Media outlets’ relations towards AI providers and information gatekeepers
Several publishers and media organisations have accused GAI providers of using their content to train their models without fair compensation or explicit agreement. GAI tools produce content and build value based on the data they’re trained on, often resulting in text that mirrors specific sentences or images that mimic patterns, leading to unoriginal and copied content. Low-quality news websites also use AI to rewrite content from mainstream news outlets deceptively. Early court decisions have prevented copyrighting AI-generated visual content in the USA. Further, foundational models have been accused of absorbing a vast amount of publicly available information and content and walling it off into proprietary products.
Conversational agents may divert media outlets’ traffic while at the same time using their data, leading to advertising and subscription revenue losses. If not compensated for, this could threaten journalism’s economic sustainability and give increasing importance to anti-competitive, web-destroying, but compelling AI chatbots.
Media outlets also confront a growing asymmetrical power dynamic with social media companies. This disparity is evident in several areas, including advertising revenues and editorial decisions, and amplifies as advertisers increasingly shift from traditional media to social media platforms.

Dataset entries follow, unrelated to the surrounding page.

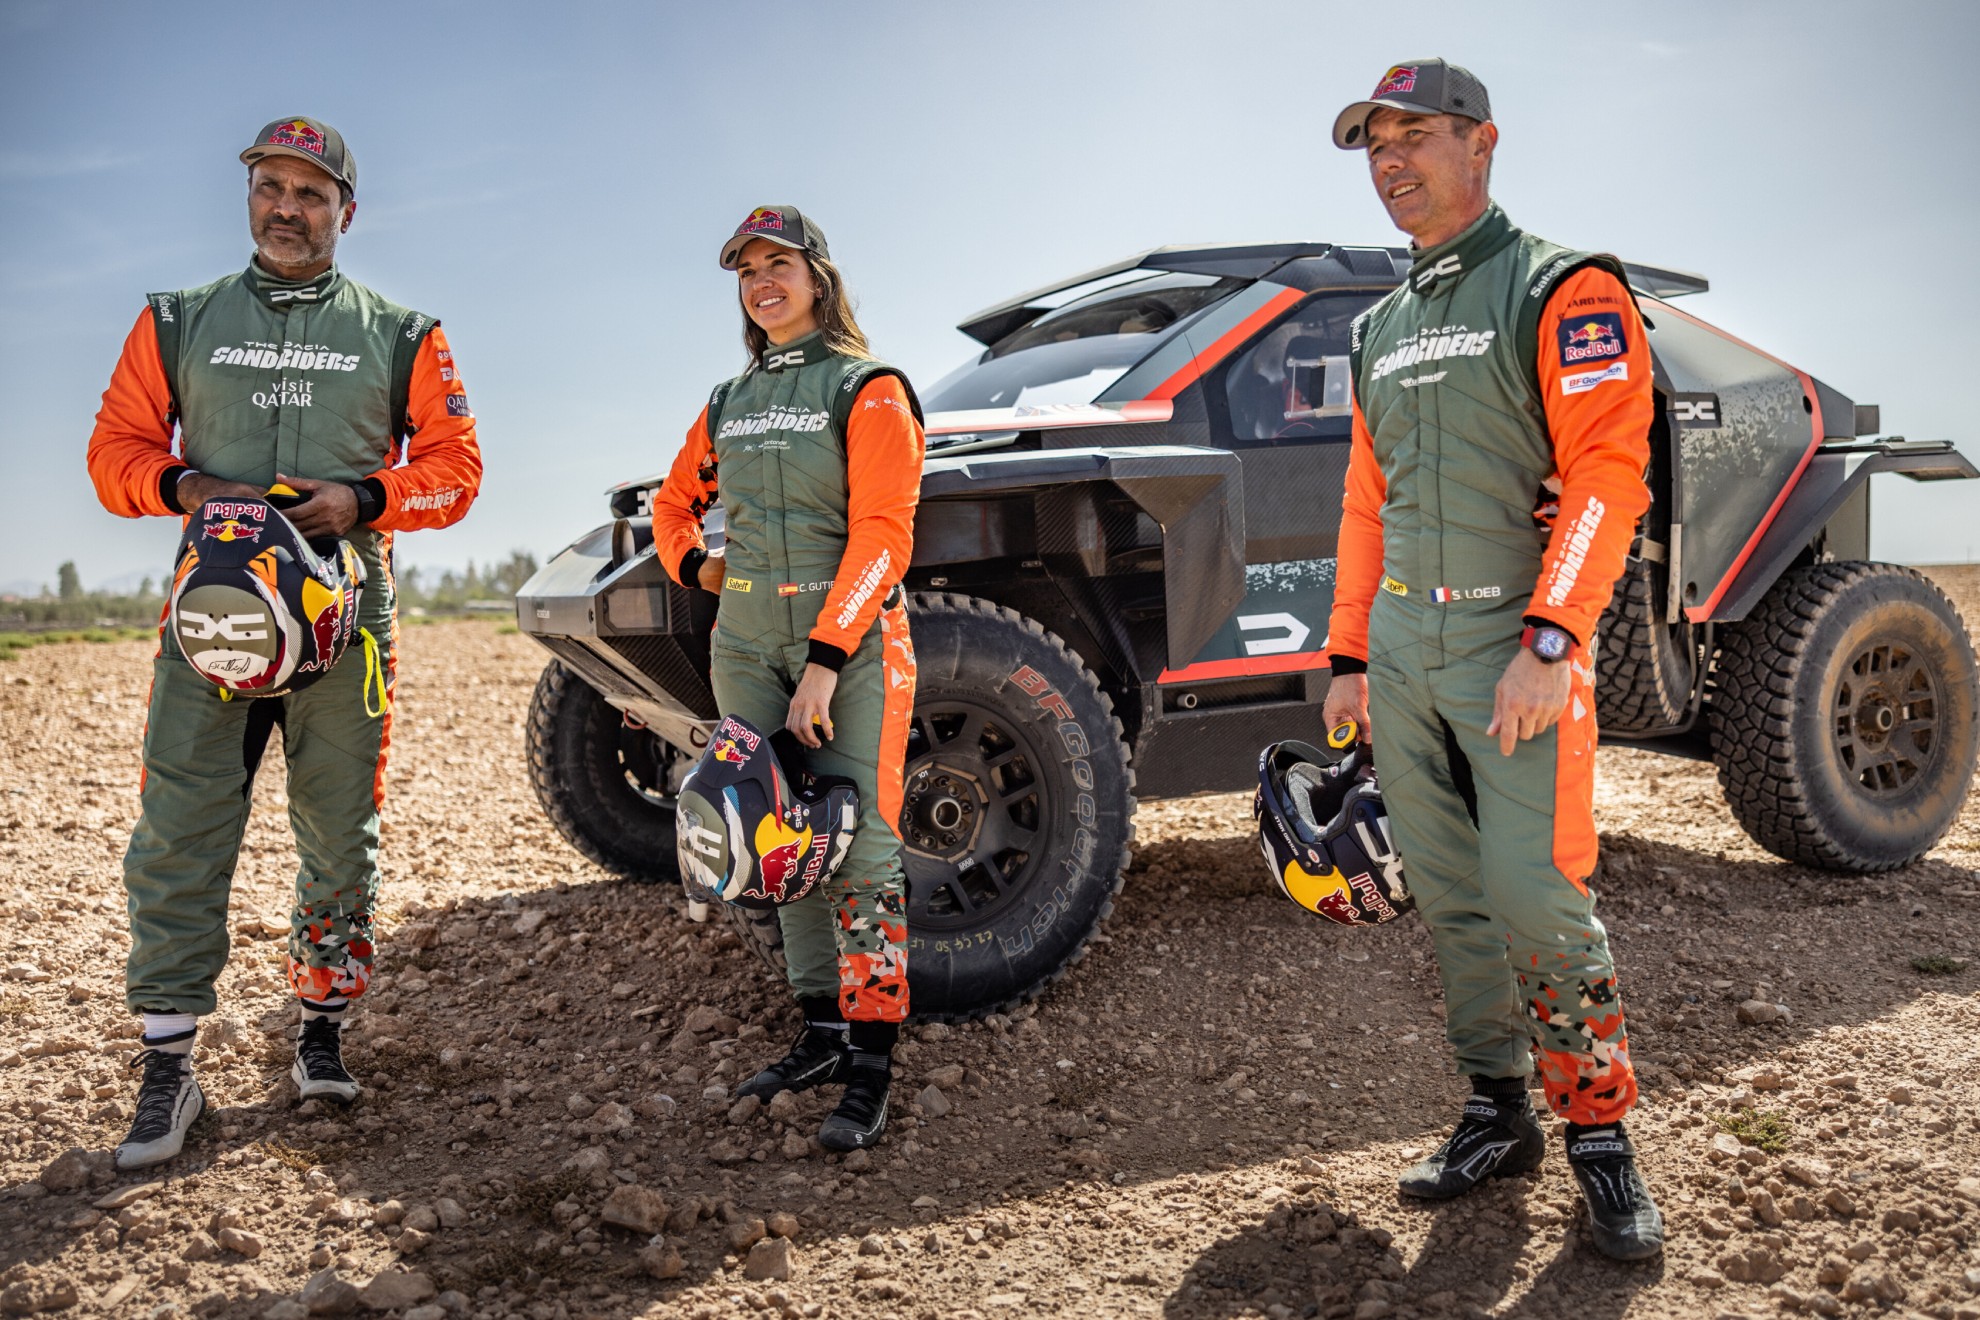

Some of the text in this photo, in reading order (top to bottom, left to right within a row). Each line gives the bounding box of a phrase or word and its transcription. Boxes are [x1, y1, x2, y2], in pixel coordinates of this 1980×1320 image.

[1383, 80, 1415, 94] Bull
[268, 134, 323, 155] Red Bull
[757, 221, 782, 230] Bull
[1530, 259, 1567, 298] Sabelt
[158, 295, 175, 323] Sabelt
[1421, 325, 1468, 335] DACIA
[244, 341, 330, 351] THE DACIA
[1371, 331, 1496, 381] SANDRIDERS
[1565, 339, 1621, 361] Red Bull
[210, 346, 360, 372] SANDRIDERS
[272, 377, 314, 393] visit
[252, 391, 312, 409] QATAR
[770, 405, 811, 413] DACIA
[718, 411, 830, 440] SANDRIDERS
[204, 503, 267, 521] Red Bull
[1559, 519, 1577, 560] DACIA
[728, 579, 748, 591] Sabelt
[808, 580, 834, 591] GUTIE
[837, 548, 890, 630] SANDRIDERS
[838, 561, 874, 607] THE DACIA
[1452, 586, 1501, 601] S. LOEB
[720, 716, 761, 752] Red Bull
[918, 770, 928, 780] 101
[787, 833, 830, 902] Red Bull
[1348, 871, 1383, 906] Bull
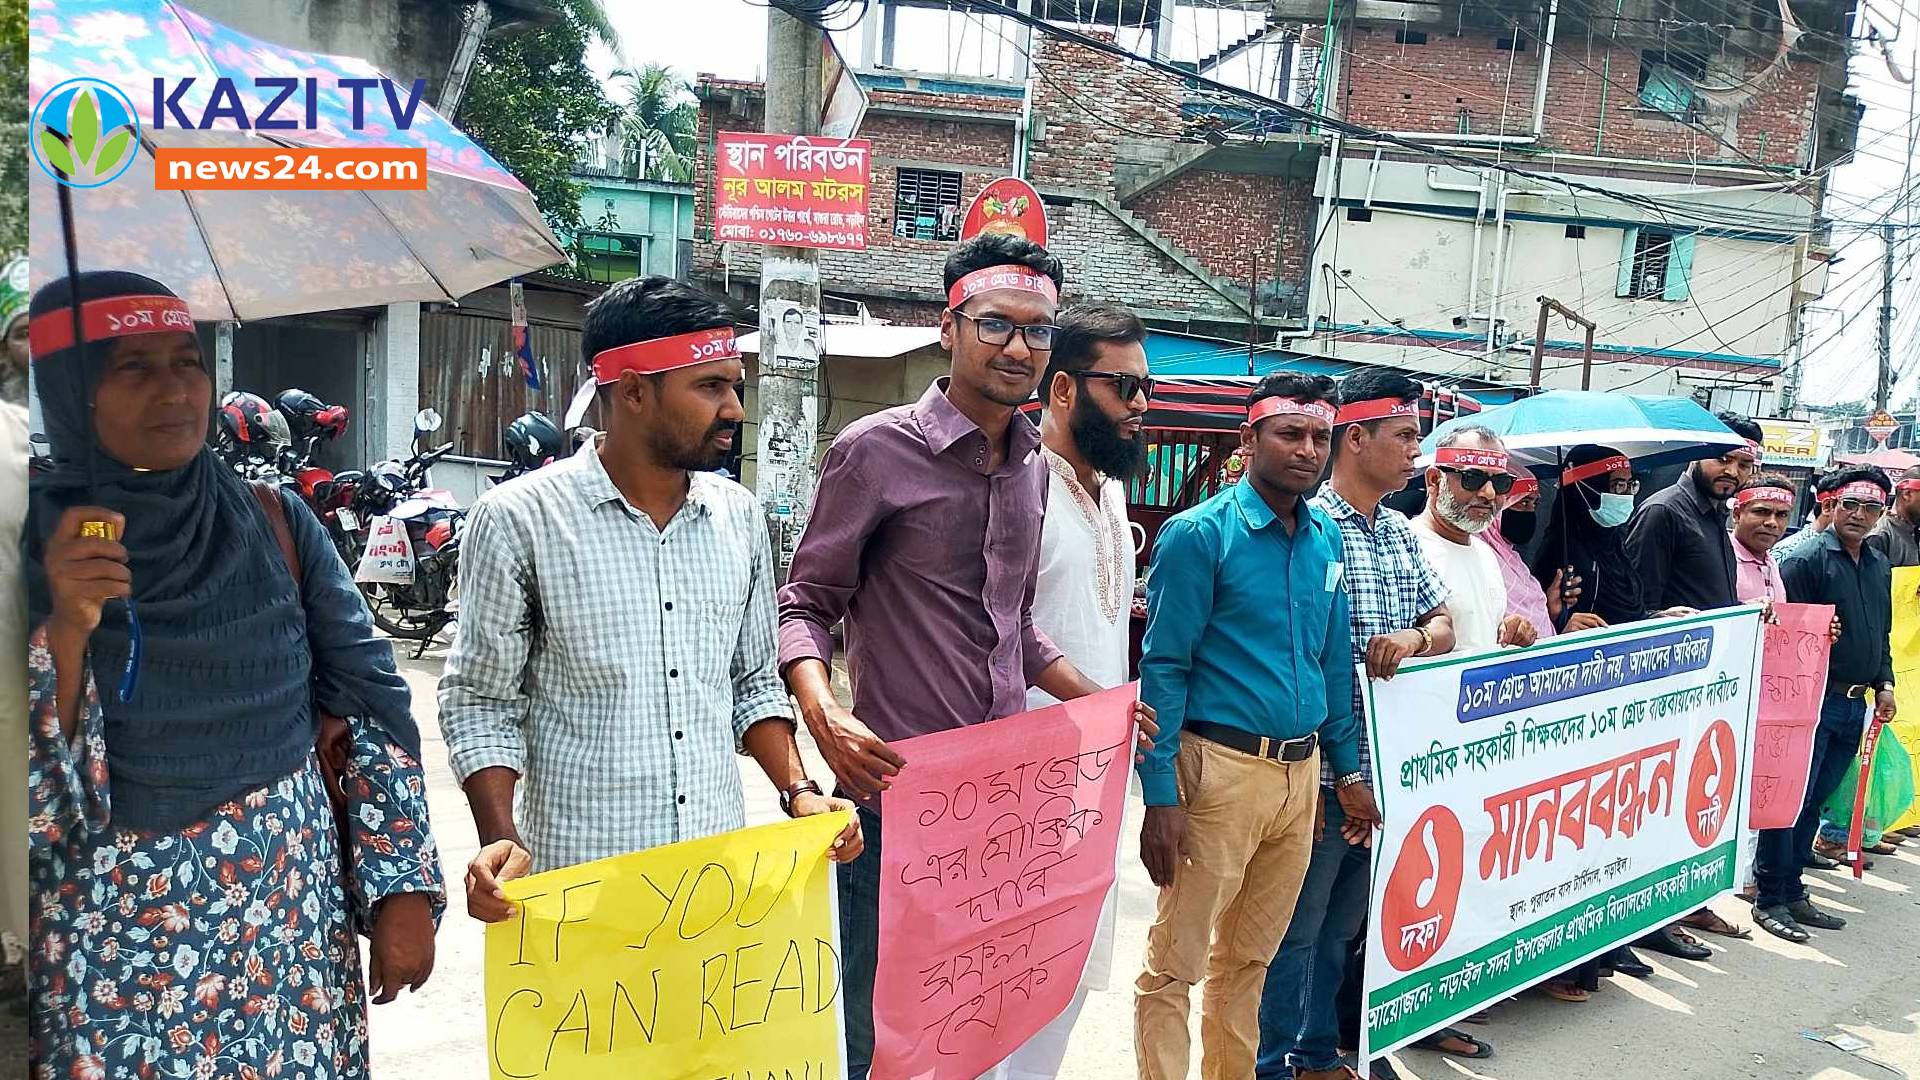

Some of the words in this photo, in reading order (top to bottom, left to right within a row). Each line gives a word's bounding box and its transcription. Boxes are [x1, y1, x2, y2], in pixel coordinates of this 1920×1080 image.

GAI suggests a potential for significant staff reductions in media outlets. Some (poor quality) news sites already publish articles mainly written or entirely by bots. Others may soon follow suit, as well as tech companies. Because GAI systems do not directly collect facts by conducting interviews, taking pictures, or attending meetings, they can only update their view if they are explicitly trained on new data to consider new information. Few original materials may be collected if substantial media revenues are diverted from information gathering.
This document reflects the point of view of its authors. It is intended to illustrate the scope of the discussions of the “Charter on AI in the media” working group.